By: Bill Cox

For a year-and-half, the state of California has been openly discriminating against religious employers in blatant violation of federal civil rights laws.  And the federal agency charged with upholding those laws has declined to do so, despite receiving multiple complaints from adversely affected California employers and numerous entreaties from members of Congress.

In August 2014, the California Department of Managed Health Care, suddenly and without prior notice, issued a mandate to private market healthcare plans in California requiring them to cover all abortions as a “basic health care service” – including late-term and gender selective abortions.  (Prior to this mandate, California limited coverage to medically necessary abortions.)  The new mandate violates a longstanding federal civil rights law – the Weldon Amendment.  Congress first enacted Weldon in 2002 to protect healthcare providers and insurers from governmental discrimination on the basis that they choose not to provide, pay for, provide coverage of, or refer for abortions.
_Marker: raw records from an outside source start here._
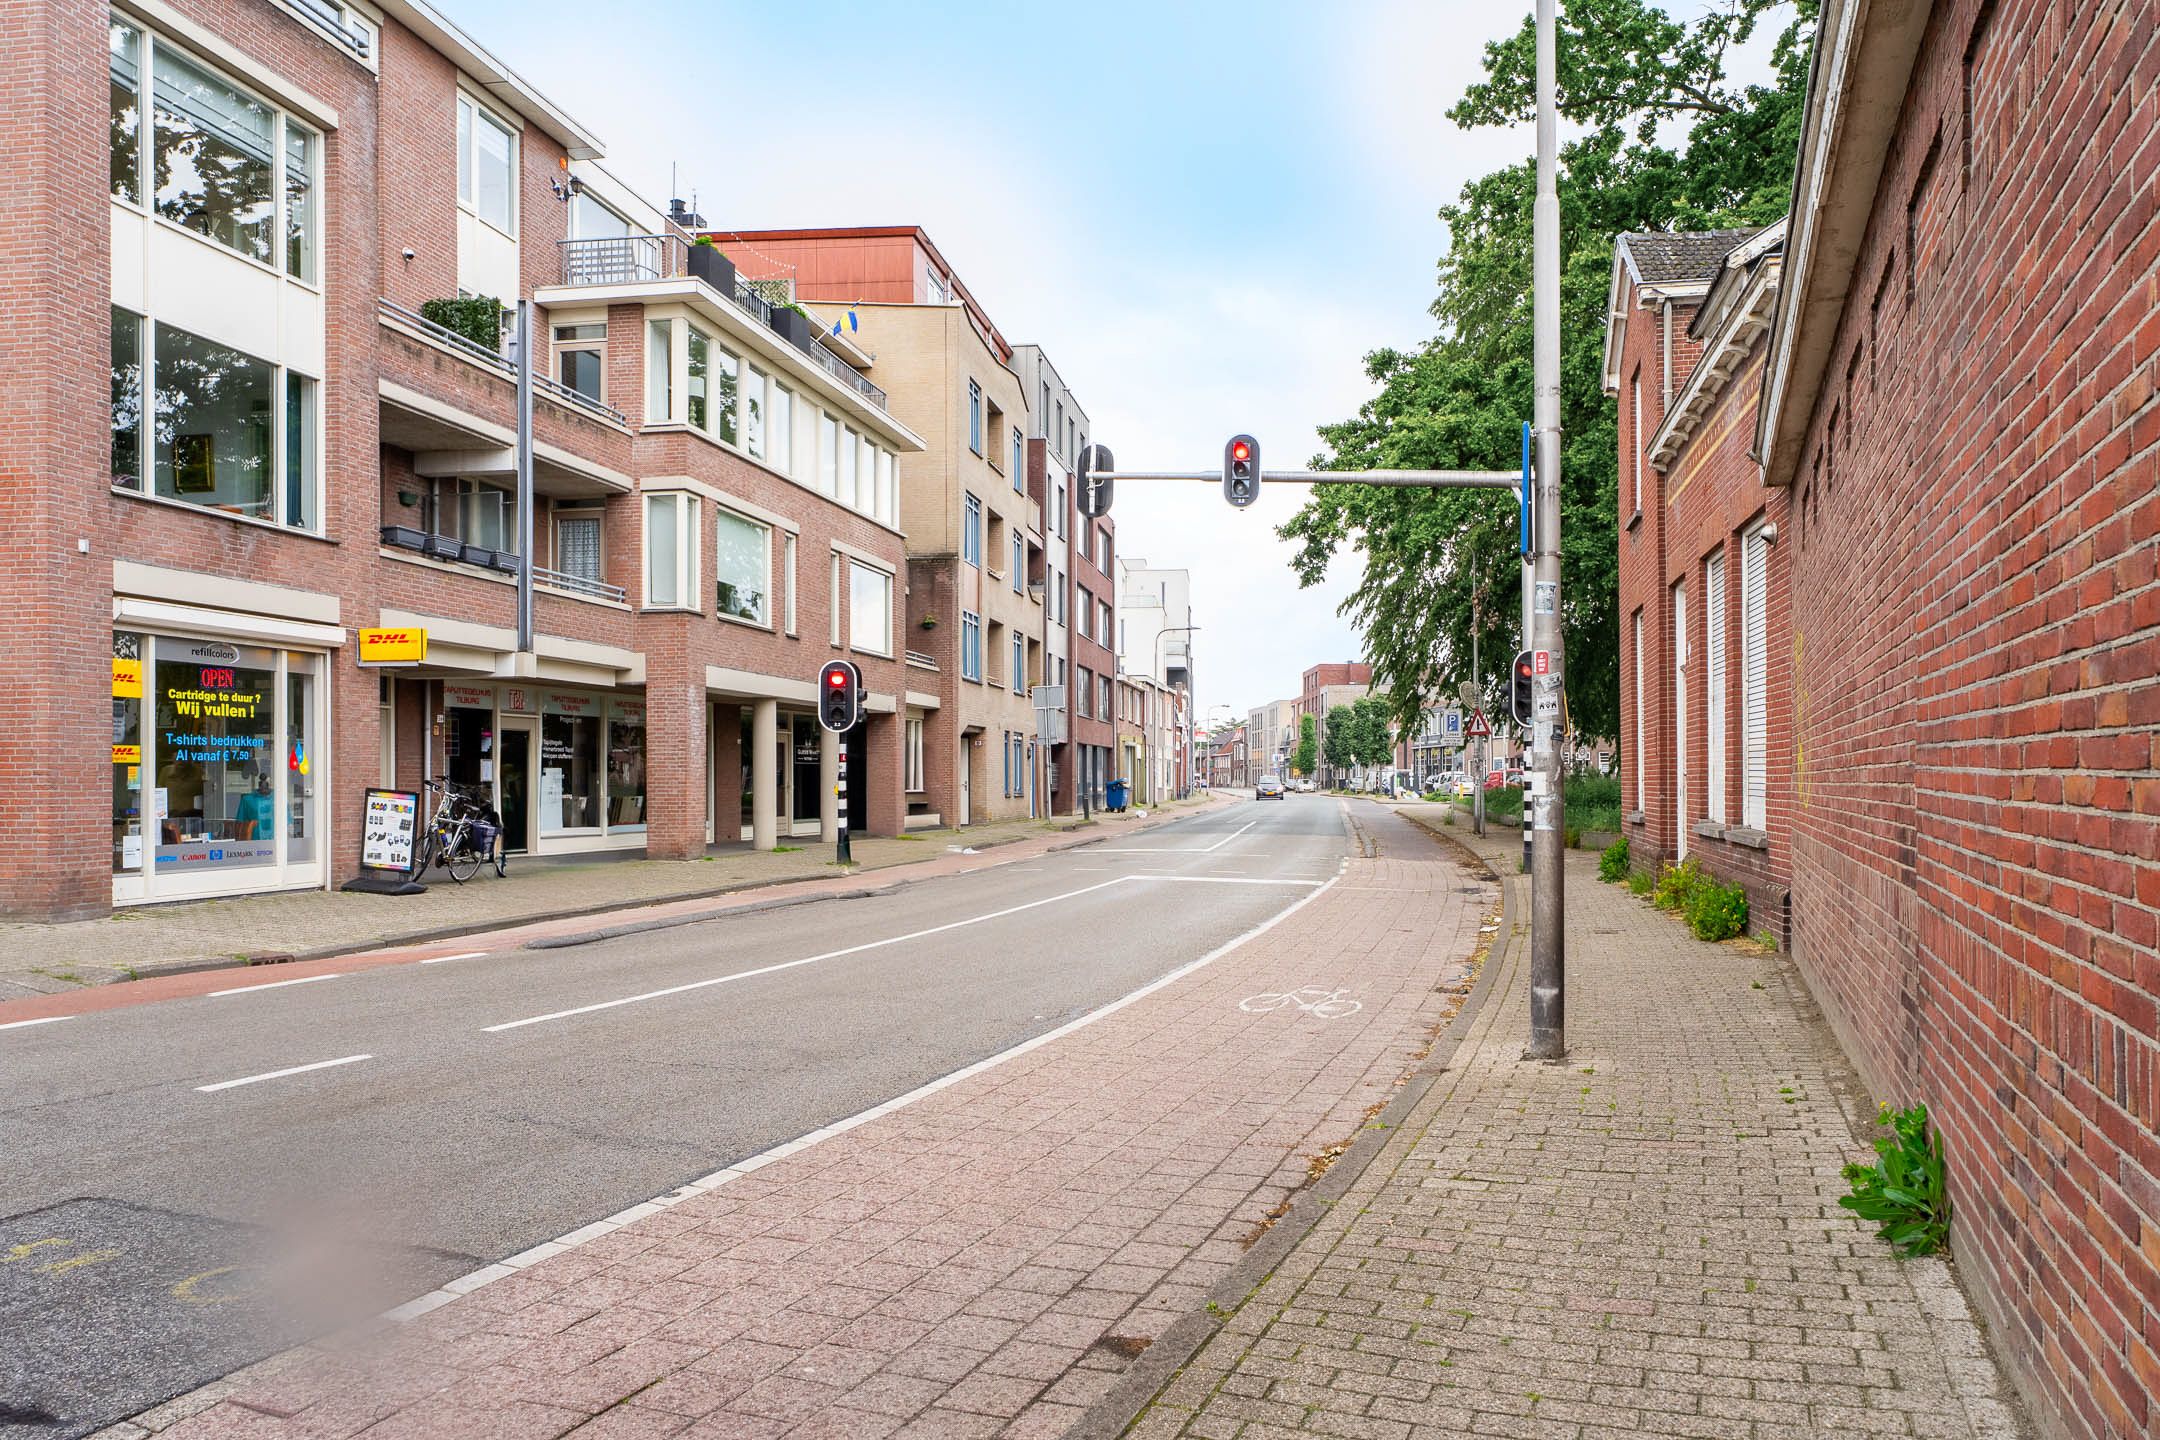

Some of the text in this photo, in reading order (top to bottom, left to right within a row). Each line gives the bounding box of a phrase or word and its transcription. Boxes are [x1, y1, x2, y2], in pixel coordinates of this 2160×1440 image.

[368, 634, 409, 644] DHL
[191, 647, 234, 659] refillcolors
[201, 668, 233, 688] OPEN
[168, 688, 261, 703] Cartridge te duur ?
[176, 701, 255, 718] Wij vullen !
[165, 733, 264, 748] T-shirts bedrukken
[176, 750, 188, 761] Al
[190, 750, 221, 761] vanaf
[231, 750, 249, 761] 7,50
[182, 853, 207, 861] Canon
The victims of this type of governmental discrimination have only one recourse: file a complaint with the Department of Health and Human Services’ Office for Civil Rights (OCR).  This has proven entirely futile.  Numerous faith-based groups in California filed complaints with the OCR a year-and-a-half ago, but have yet to obtain information on the status or timing of the agency’s investigation.  Repeated inquiries by members of Congress have similarly been ignored, belying Health and Human Service Secretary Burwell’s regular assurances that her office takes violations of Weldon “seriously” and that the OCR is investigating California’s violation of Weldon “expeditiously.”